So what then qualifies as an innovation? For starters, not everything that is new counts as innovation. It has to be path-breakin, potentially disruptive and sustainable. How can companies do this? One way is to use what Monitor calls the Ten Types of Innovation(TM) a proprietary framework that helps broaden the drivers of value of a particular innovation along a much wider spectrum than just what the product or service "does". Breakthrough innovations almost always include multiple types of innovation: at least 3-4 out of the 10 types in the Monitor framework.
FIVE MYTHS OF INNOVATION
• Innovation is about creating a hot new product... New products are swiftly copied and rarely enjoy sustained profits.
• Innovation comes from being creative... It is far likelier to come from being disciplined.
• Innovation is expensive, demanding lots of resources... Failure to innovate is what is costly.
• Create hundreds of ideas because of high failure rates... Fewer, bolder ideas based on your company's capabilities and unmet customer needs you discover work best.
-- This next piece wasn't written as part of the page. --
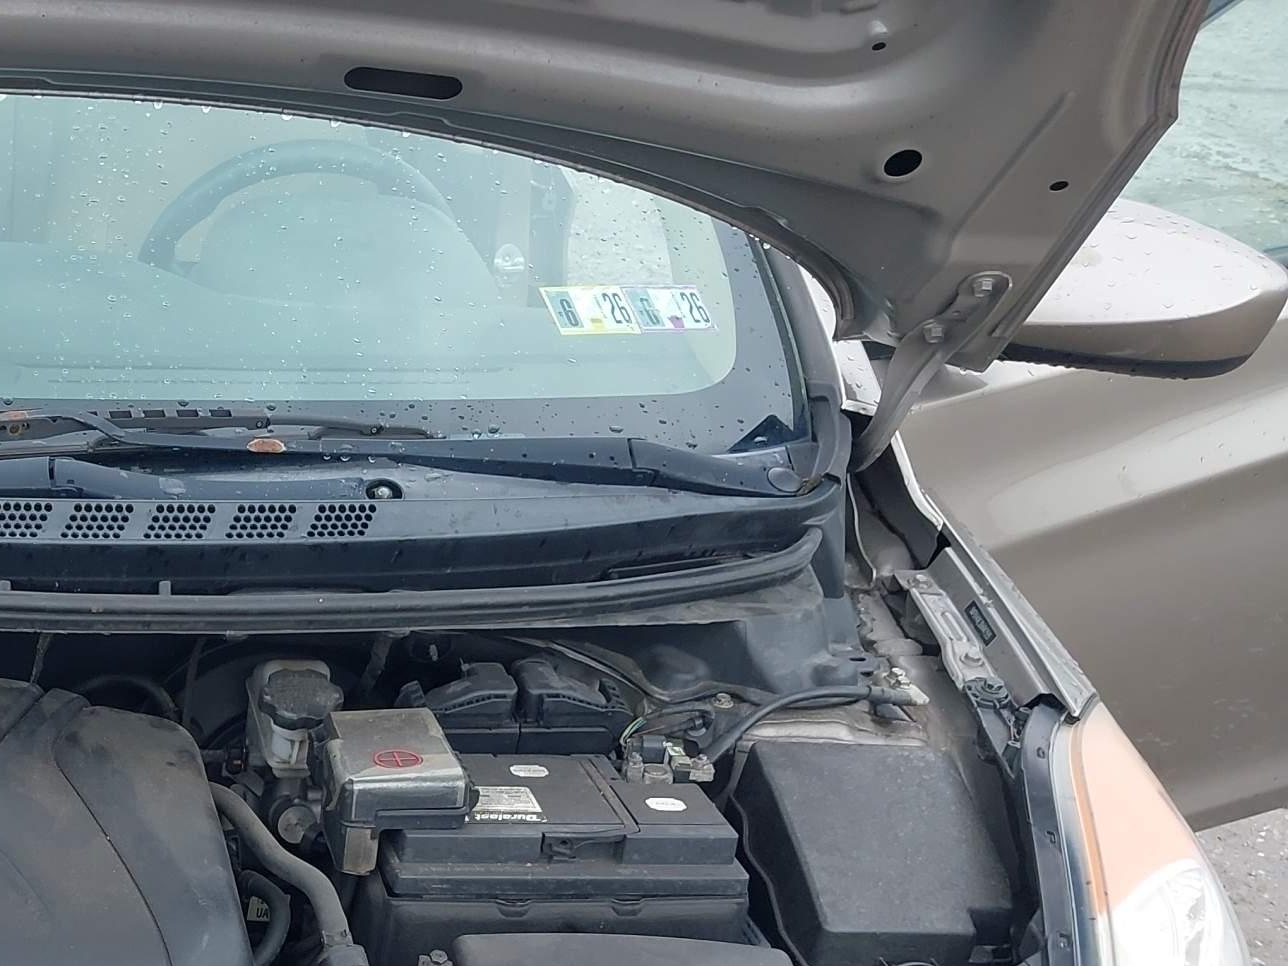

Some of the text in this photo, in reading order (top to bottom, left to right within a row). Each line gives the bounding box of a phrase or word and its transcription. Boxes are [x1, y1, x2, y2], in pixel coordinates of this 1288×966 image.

[559, 298, 580, 327] 6
[601, 292, 632, 325] 26
[679, 292, 711, 324] 26
Early financial analysis is key to approving concepts... Nearly always wrong-build prototypes instead How does the "Ten Types of Innovation" framework apply to Indian examples? To find answers to such questions, Business Today and the Monitor Group jointly interviewed key leaders at eight innovative organisations to study the reasons behind the success of their innovations. Each of the eight organisations exhibited four or more of the Ten Types of Innovations. Each illustrates how true breakthroughs are usually a set of innovative elements that work together as a holistic system and reinforce the competitive strength of the new product or service.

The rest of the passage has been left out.